AIM OF THE EXERCISE.
Since pictures do not belong in the copy, please repeat every record below exactly without them.

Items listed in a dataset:
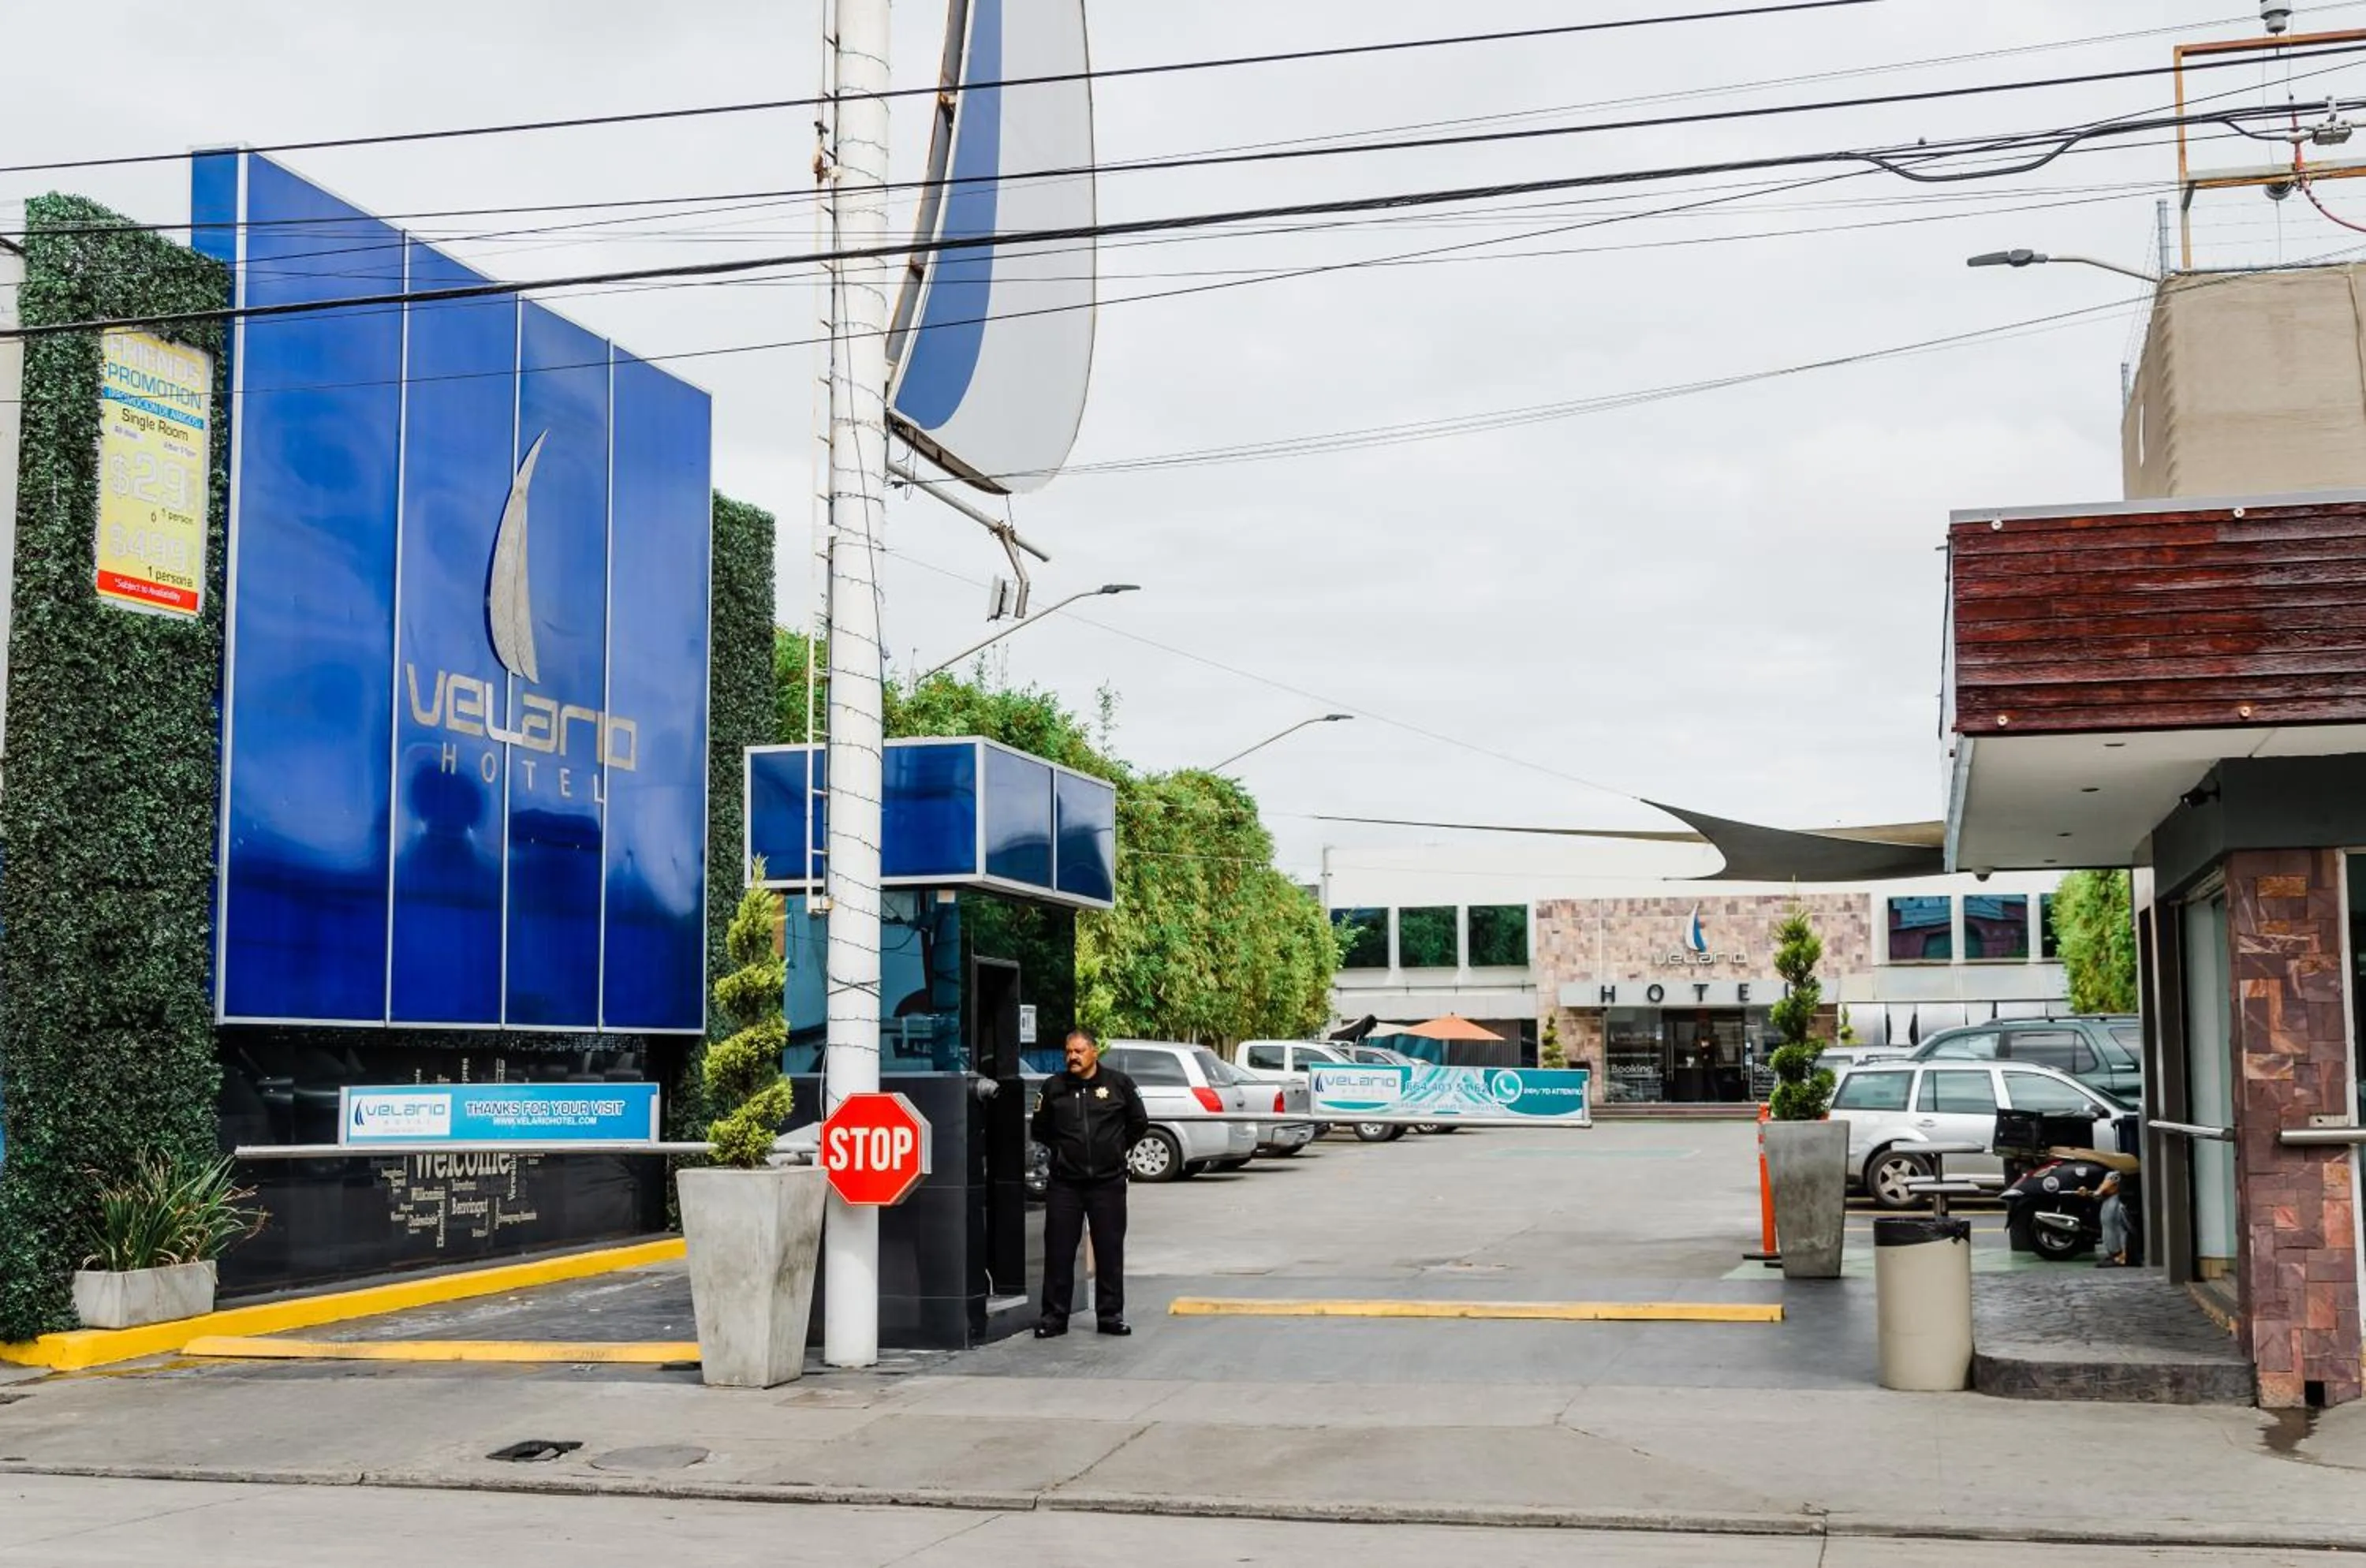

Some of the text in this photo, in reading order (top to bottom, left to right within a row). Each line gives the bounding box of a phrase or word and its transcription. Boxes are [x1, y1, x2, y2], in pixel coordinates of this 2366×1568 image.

[106, 362, 202, 410] PROMOTION
[121, 408, 155, 431] Single
[158, 419, 189, 442] Room
[147, 566, 194, 588] 1 persona
[440, 741, 606, 805] HOTEL
[465, 1100, 625, 1117] THANKS FOR YOUR VISIT
[415, 1152, 513, 1180] Welcome
[828, 1126, 913, 1172] STOP

SOLUTION FOR THIS EXERCISE.
Some of the text in this photo, in reading order (top to bottom, left to right within a row). Each line gives the bounding box of a phrase or word and its transcription. Boxes are [x1, y1, x2, y2], in pixel coordinates of this 2366×1568 image.

[106, 362, 202, 410] PROMOTION
[121, 408, 155, 431] Single
[158, 419, 189, 442] Room
[147, 566, 194, 588] 1 persona
[440, 741, 606, 805] HOTEL
[465, 1100, 625, 1117] THANKS FOR YOUR VISIT
[415, 1152, 513, 1180] Welcome
[828, 1126, 913, 1172] STOP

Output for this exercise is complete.